16 March 2011

Both and neither.

There are some great books out there and some not so good. And even some of the most popular frameworks (e.g., jQuery) have some really bad habits baked into their source–just ask JSLint.

If you want to learn JavaScript, find the principles that resonate with you as a programmer or designer and learn to implement solutions that do not compromise those principles.

For instance, I dislike ad hoc inheritance that simply uses prototypes. For one thing, what if I want to inherit from a Class that has yet to be instantiated? For another, is the constructor important? Because ad hoc inheritance patterns overwrite the constructor. I also feel strongly about namespaces, patterns that support commenting (e.g., small, abstract methods), and performance-oriented patterns.

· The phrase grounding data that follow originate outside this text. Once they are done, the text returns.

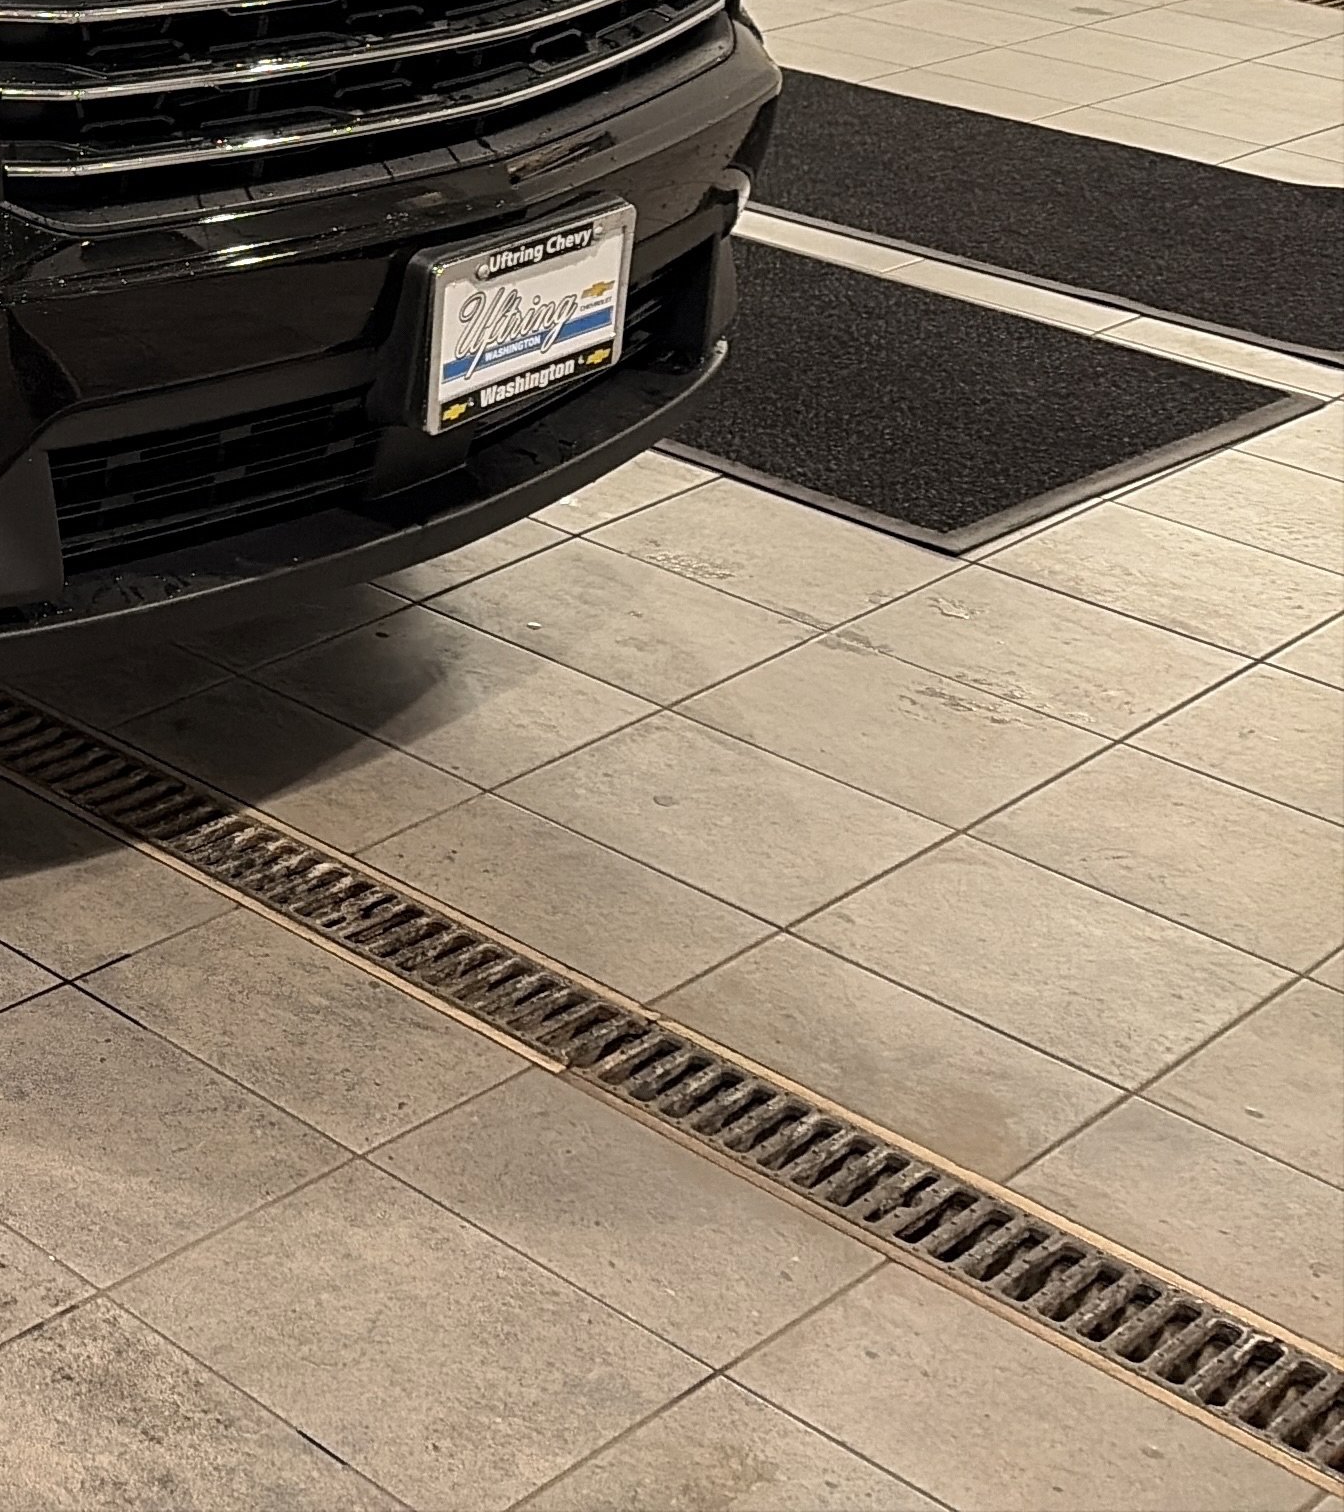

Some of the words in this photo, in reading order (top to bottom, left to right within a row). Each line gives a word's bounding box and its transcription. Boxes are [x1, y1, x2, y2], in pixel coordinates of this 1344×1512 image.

[489, 244, 544, 273] Uftring
[546, 228, 593, 254] Chevy
[579, 295, 613, 312] CHEVROLET
[484, 334, 542, 362] WASHINGTON
[480, 358, 575, 408] Washington
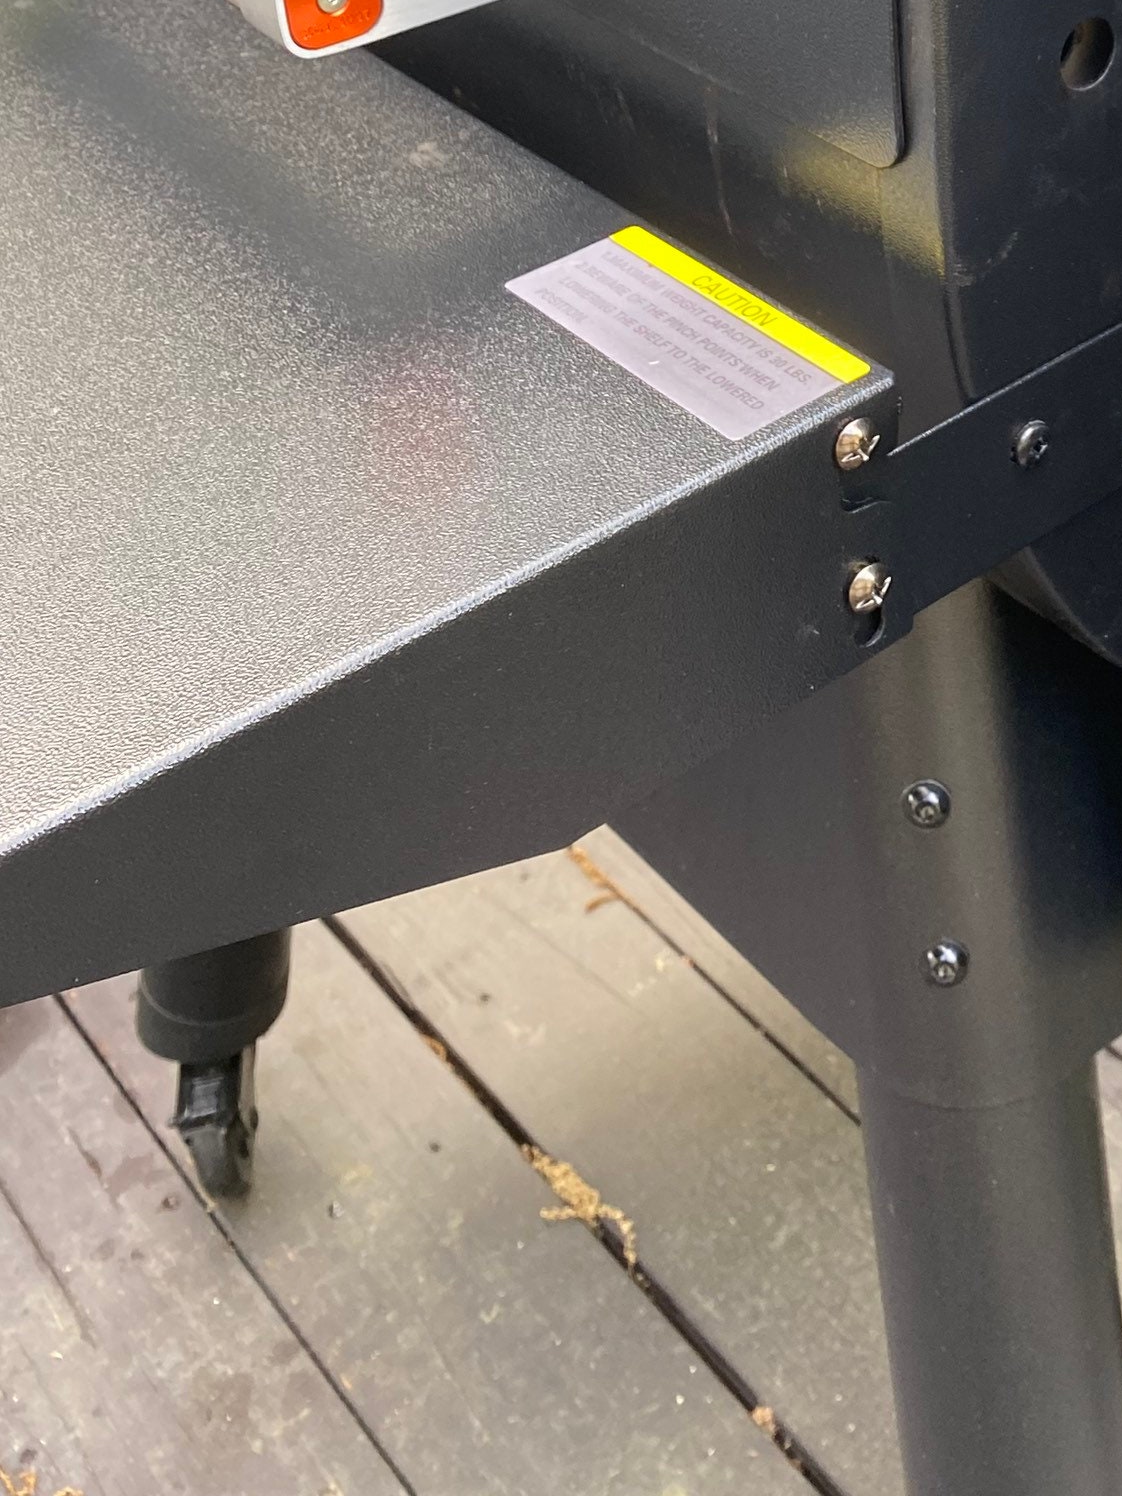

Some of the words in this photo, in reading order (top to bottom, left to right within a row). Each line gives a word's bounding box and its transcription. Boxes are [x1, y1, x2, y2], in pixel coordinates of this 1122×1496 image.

[639, 301, 670, 320] THE
[660, 315, 703, 341] PINCH
[694, 336, 745, 367] POINTS
[735, 362, 783, 391] WHEN
[657, 287, 708, 318] WEIGHT
[698, 313, 763, 351] CAPACITY
[753, 346, 776, 359] IS
[766, 354, 791, 369] 30
[781, 363, 818, 386] LBS.
[687, 273, 780, 328] CAUTION
[609, 310, 640, 328] THE
[630, 323, 674, 350] SHELF
[663, 344, 690, 360] TO
[680, 355, 713, 375] THE
[702, 369, 769, 411] LOWERED

Second, don’t confuse your ignorance of the DOM or BOM with your ignorance of JavaScript. Recognize that if you can’t explain event delegation, it’s not a deficiency in your knowledge of JavaScript, you just have a few things to learn about one of the most frequently used APIs in the world.

Ultimately, knowledge of JavaScript and the ability to implement JavaScript solutions are separated by your knowledge of the APIs and environments. Rarely does anyone need to code an application that runs in multiple operating systems or multiple virtual machines. We tend to assume the environment as a constant and specialize in our knowledge of the code implementation. JavaScript can run in so many environments–and the list is growing.

Learn JavaScript in a standards-based environment, without a framework or crutch. Don’t start with a project that “runs in every browser.” You’ll end up learning everything about environmental differences and not nearly enough about the language or the proper way to implement it.

For instance, if you learn JavaScript by only using jQuery, your ability to implement an application on the iPhone will suffer. However, if you know JavaScript, and you learn the ins-and-outs of the iPhone’s nuances, you can efficiently and effectively evaluate the proper framework to make your job easier and you can adapt your coding style to fit the new framework. But if you don’t know your principles or you don’t understand the target environment(s) for your code, you’ll likely make a poor choice.

For myself, I started with SharePoint shims using jQuery. I learned jQuery and the deficiencies of IE but it wasn’t until I built my own framework for iPhone’s Safari that I really started to learn JavaScript.